Prescription overdoses surprisingly common
Unfortunately, this scenario is all too familiar in the U.S. these days. The CDC reports that hydrocodone, oxycodone, and methadone are the three most common prescription drugs involved in overdose deaths. One out of every four people prescribed opioids is believed to develop an addiction, and emergency rooms across the country are treating a thousand people per day on average who have misused an opioid drug.
It’s a sad fact that prescription opioids are behind the soaring rates of drug addiction and death in the country. Therefore, it’s not surprising that several states are bringing the drug makers behind these dangerous pills to court over the role they’ve played in the addiction outbreak. Some Big Pharma companies have been accused of misleading patients and promoting fraudulent information about the drugs in a bid to get more people hooked.

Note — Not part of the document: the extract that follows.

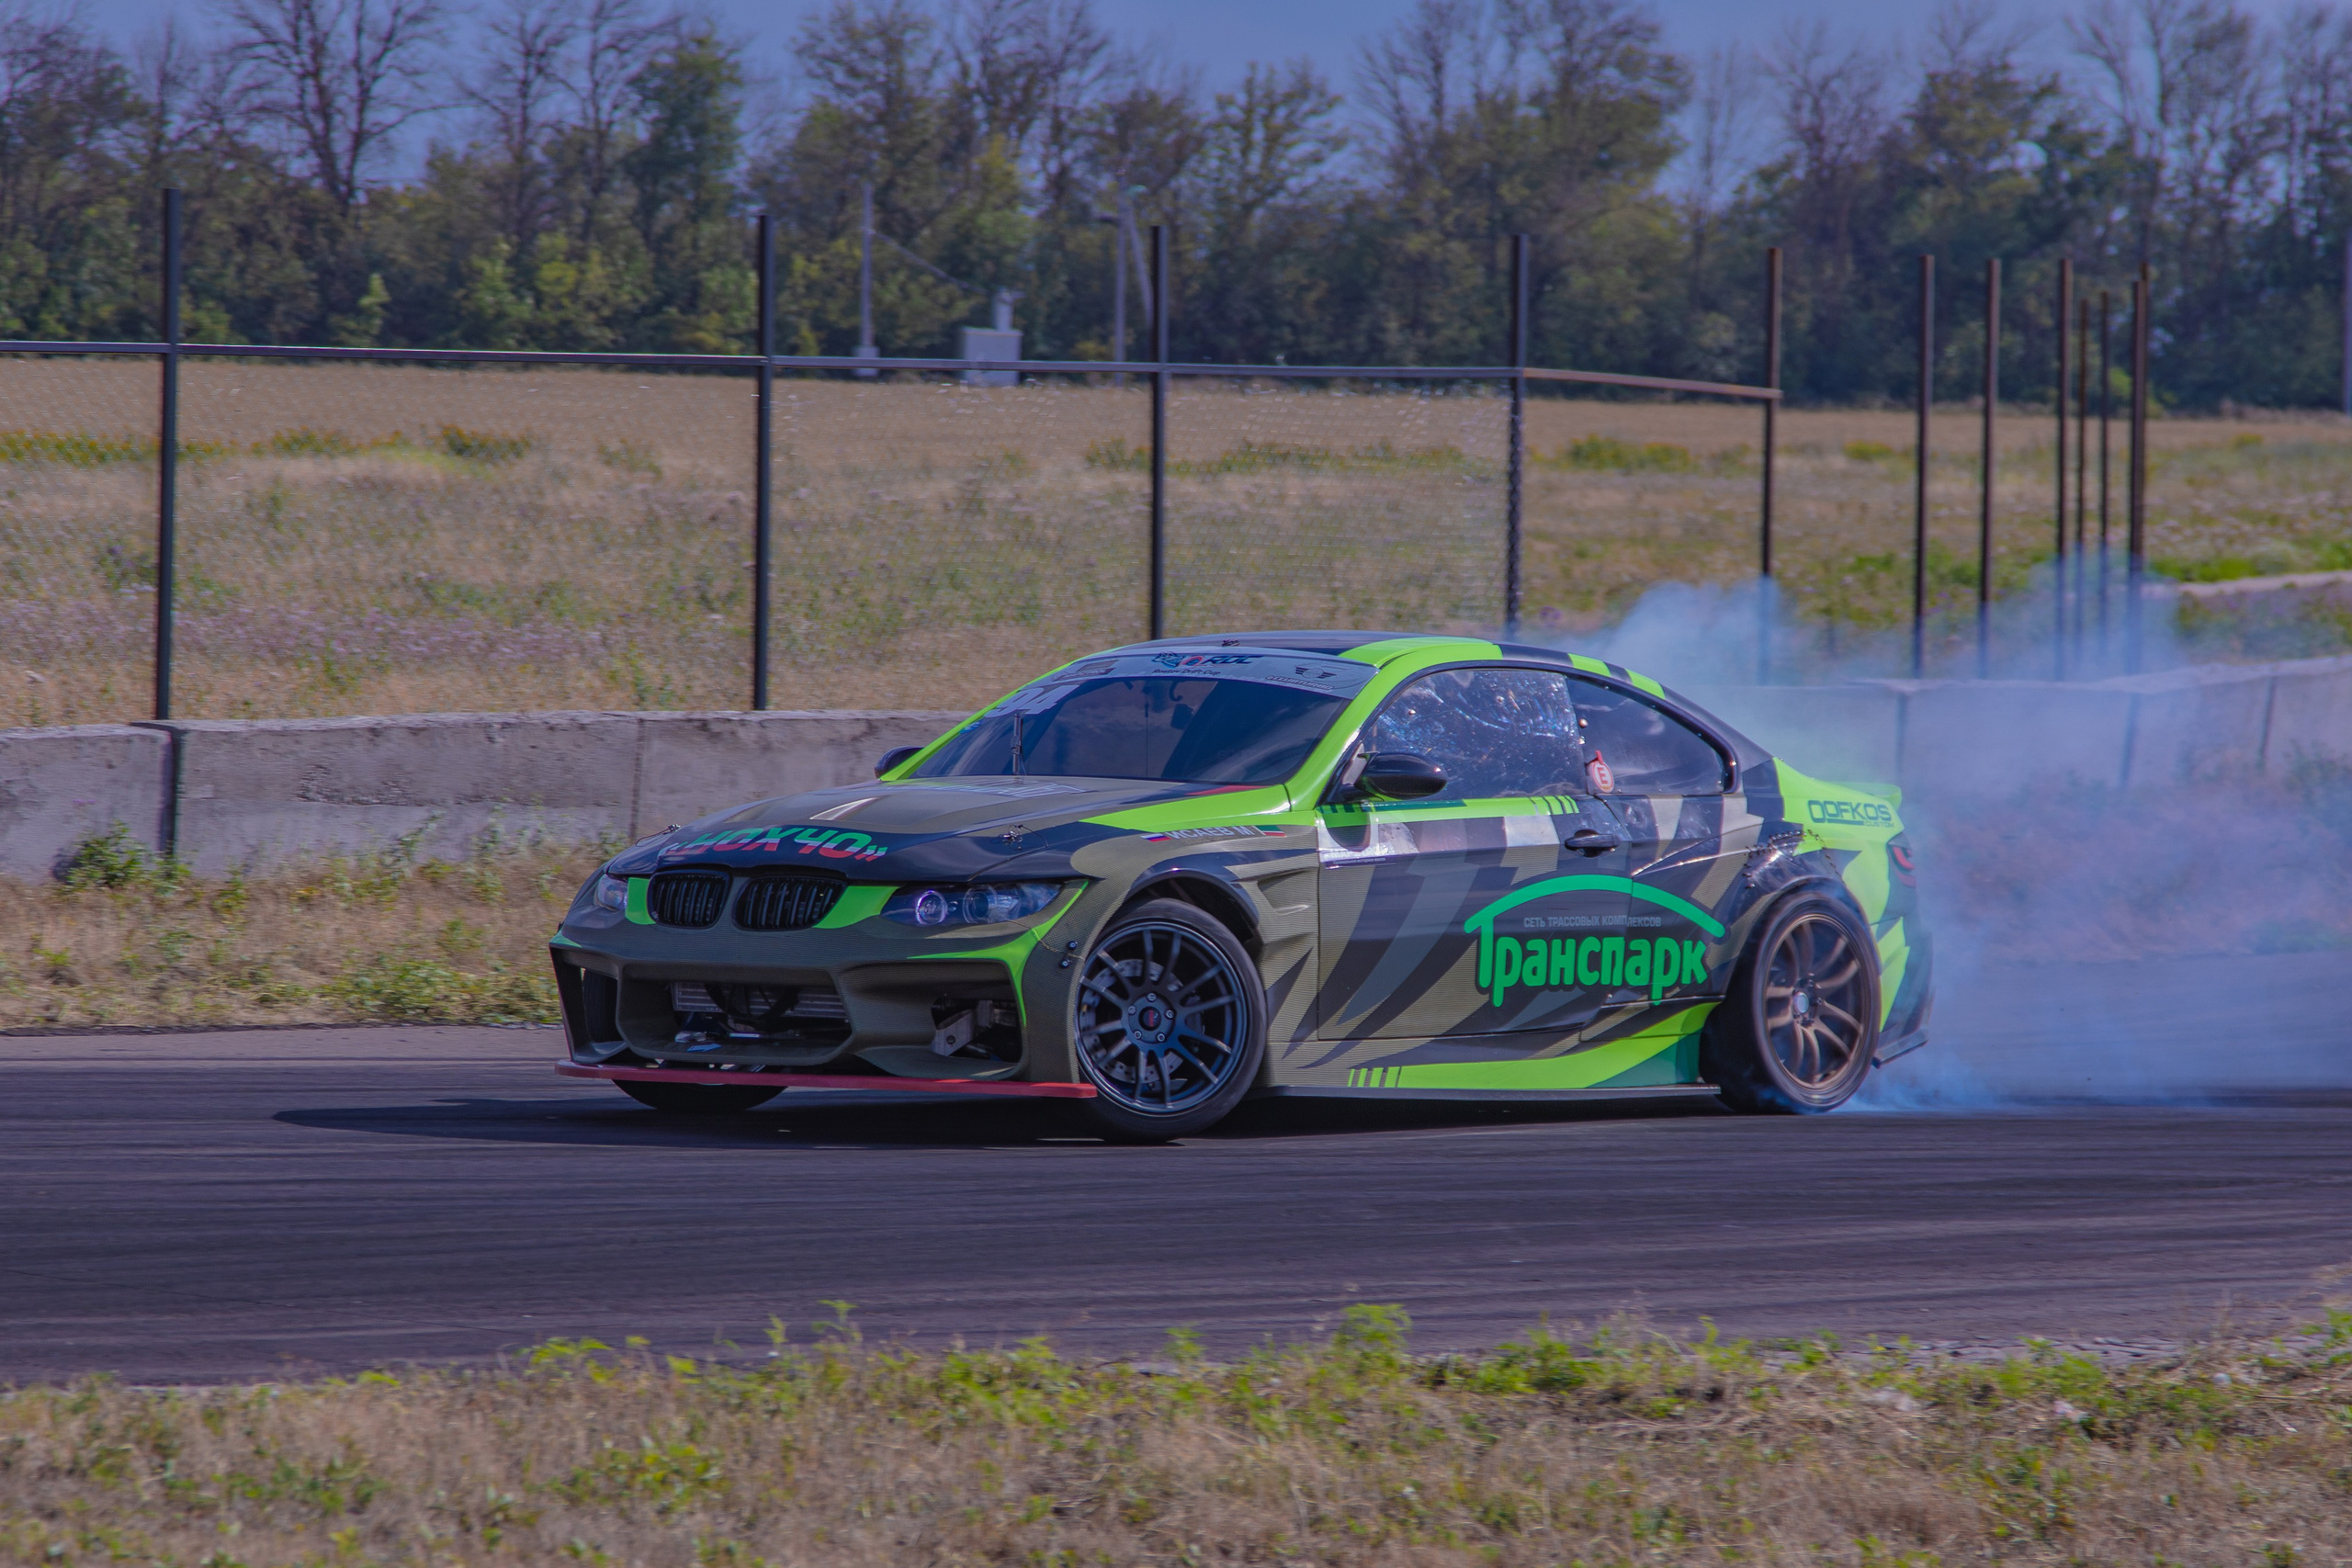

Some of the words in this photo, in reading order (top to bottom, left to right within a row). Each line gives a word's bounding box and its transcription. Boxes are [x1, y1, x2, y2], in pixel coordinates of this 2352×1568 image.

Perhaps one of the most heartbreaking elements to Bell’s story and the thousands of others like him who die this way each year is the fact that their deaths were preventable. While we don’t know why Bell was taking painkillers, we do know that opioids are often prescribed in cases where they’re not really necessary for myriad reasons, not the least of which is the kickbacks Big Pharma companies give to doctors for prescribing them.
One out of 12 American doctors have been given a payment by an opioid pharmaceutical company, studies show. In the course of just 16 months, more than 68,000 doctors racked up more than $46 million in non-research payments that were related to opioids. Studies have shown that such payments, even when small, do influence doctors’ prescribing habits.
In fact, a report from the University of Southern California found that total opioid prescribing in America went up 471 percent in the past decade; 83 percent of these prescriptions were office-based.
With so much money at stake, this problem doesn’t look like it’s going to go away any time soon. This means that we will probably hear many more stories of people passing away tragically like Bell did from prescription drug overdoses.”